To: TobagoJack who wrote (138684)1/27/2018 6:06:21 AM
From: elmatador  Respond to of 219650
 
This pig will end up in Brazil the same way the Chester chicken. There are a lot of people who think a big animal is fed with growth hormones. I asked one journalist who -the one who told the story about the Chester- what is the truth behind that?

He interviewed a scientist who told he was tired to answer that question about big animals grow because of growth hormones.

He said: do you know a chicken who roams free right?
That chicken eats low protein. Its diet lacks a lot of mineral and vitamins. It east what it can find around the house area.

And ti also grows susceptible to animals sicknesses plus sickness transmitted to it by humans etc.

That chicken will be a small bird. Take the eggs of that chicken and get the birds to a clean environment, vaccinated against the typical diseases and give them a balanced diet and it reaches adulthood very fast and grow bigger.

Now don't waste feeding and caring for that chicken and choose a bird with a better DNA. You have gigantic chicken. As the chicken is good to transform the protein it gets into animal protein.
(See my posting as China preferring our Soybeans than the American one because ours have higher % of protein)

Which brings as to the Cheste

Brazil's Mythical 'Super-Chicken': What, Exactly, Is a Chester?

Do they really migrate all the way to Brazil each year from the North Pole? Do they really gorge on hormone-laced feed? Do they even have heads?

So much mystery shrouds a poultry staple on Brazilian dinner tables that geneticists, science writers and cooks all find themselves grappling with the same vexing question: What is a Chester, anyway?

Some say the bird is an aberration created by crossing turkeys with ostriches. Others contend that they are fathered by three-foot-tall roosters. Some go as far as to ask whether they are grown on trees in a lab. Photos and video images of living Chesters are intriguingly scarce, encouraging fanciful speculation.

BRF, the food processing conglomerate that sells the Chester, offers some clues about the bird’s true origins. Perdigão, a company that BRF later absorbed in a merger, sent researchers to the United States in 1979 in search of a bird large and meaty enough to compete with the turkey at Christmastime. They brought home the breeding stock ancestors of the Chester.

Working at a secret location to prevent genetic mixing with other birds, the Perdigão team developed a “super-chicken” that was about 70 percent breast and thigh by weight, compared with 45 percent for typical chickens. They named it the Chester, a pseudo-Englishism meant to evoke the bird’s outsize physique.

BRF prefers to describe its proud creation in the same breath as mythical animals like “the majestic phoenix and the mysterious Bigfoot.”

“The Chester is just a chicken,” BRF says, “in the same way that Pelé is just a soccer player.”

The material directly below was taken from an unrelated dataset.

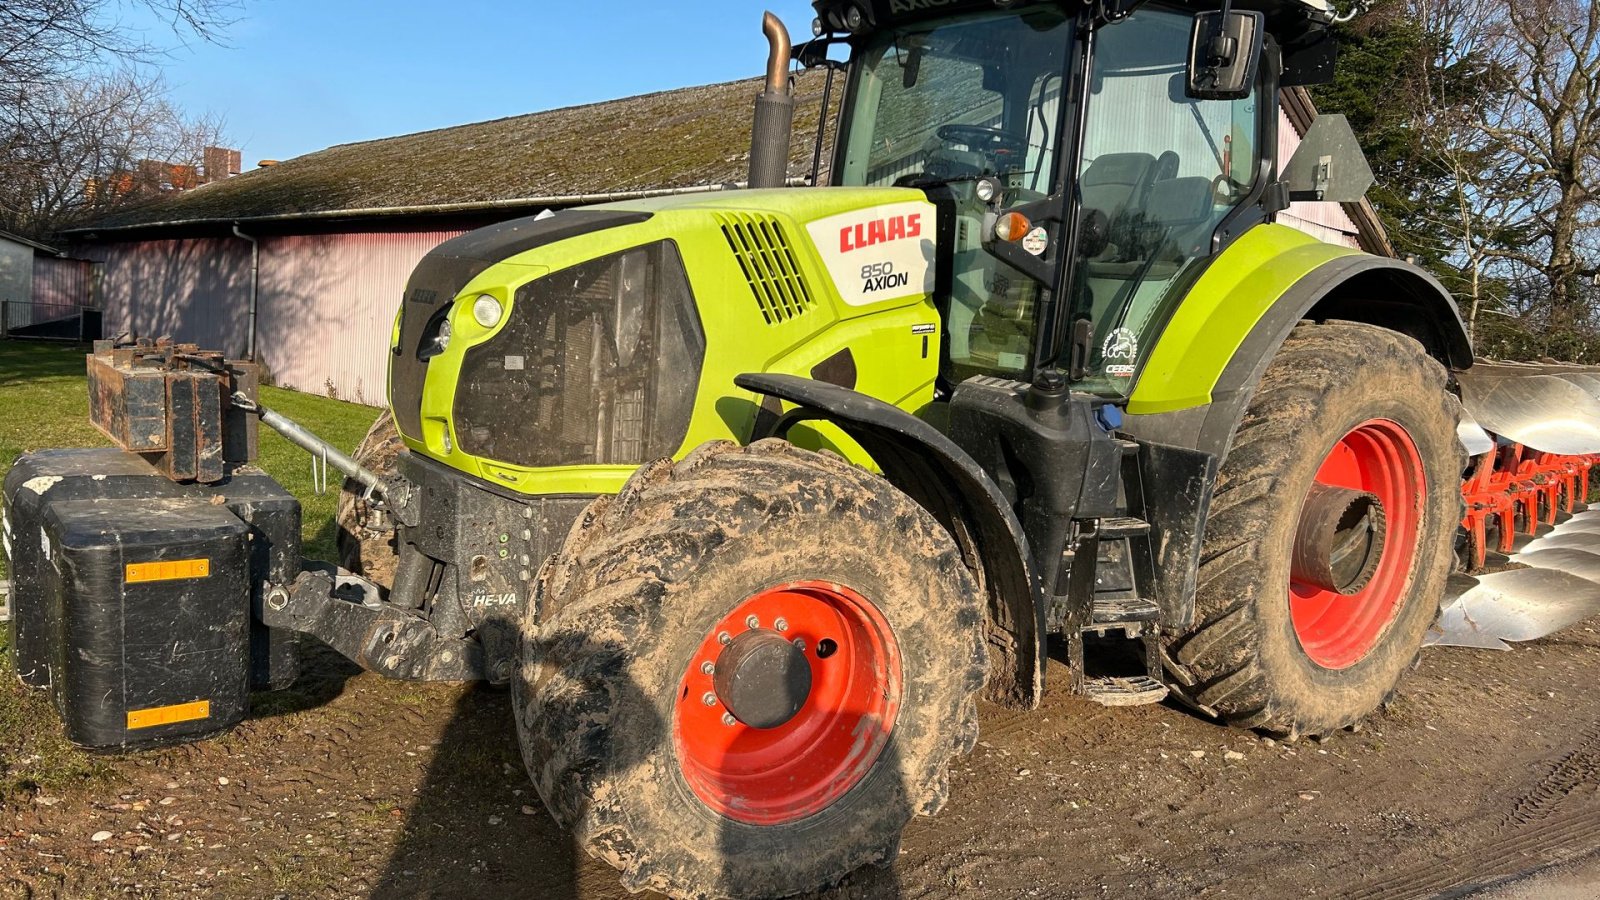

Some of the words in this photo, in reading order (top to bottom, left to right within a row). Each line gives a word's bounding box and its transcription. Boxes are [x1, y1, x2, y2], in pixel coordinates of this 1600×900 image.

Why are photos of live Chesters so rare? Roberto Tenório, a BRF spokesman, chalked that up to legal complications. But it also fits in with the air of mystery the company likes to maintain around the bird. Mr. Tenório did clarify one point: He said Chesters are not fed antibiotics or hormones to spur their growth.

Brazilians may be perplexed by the Chester’s origins, but not by what to do with it. Chesters are coveted around the holidays; popular recipes include serving the bird with Portuguese chestnuts or wrapping it in bacon. Sommeliers recommend pairing it with a chardonnay or a brut sparkling wine.

Bigger than most other chickens but not quite as large as a full-size turkey, the Chester has another crucial advantage: It fits into the small refrigerators and ovens that are common in Brazilian kitchens.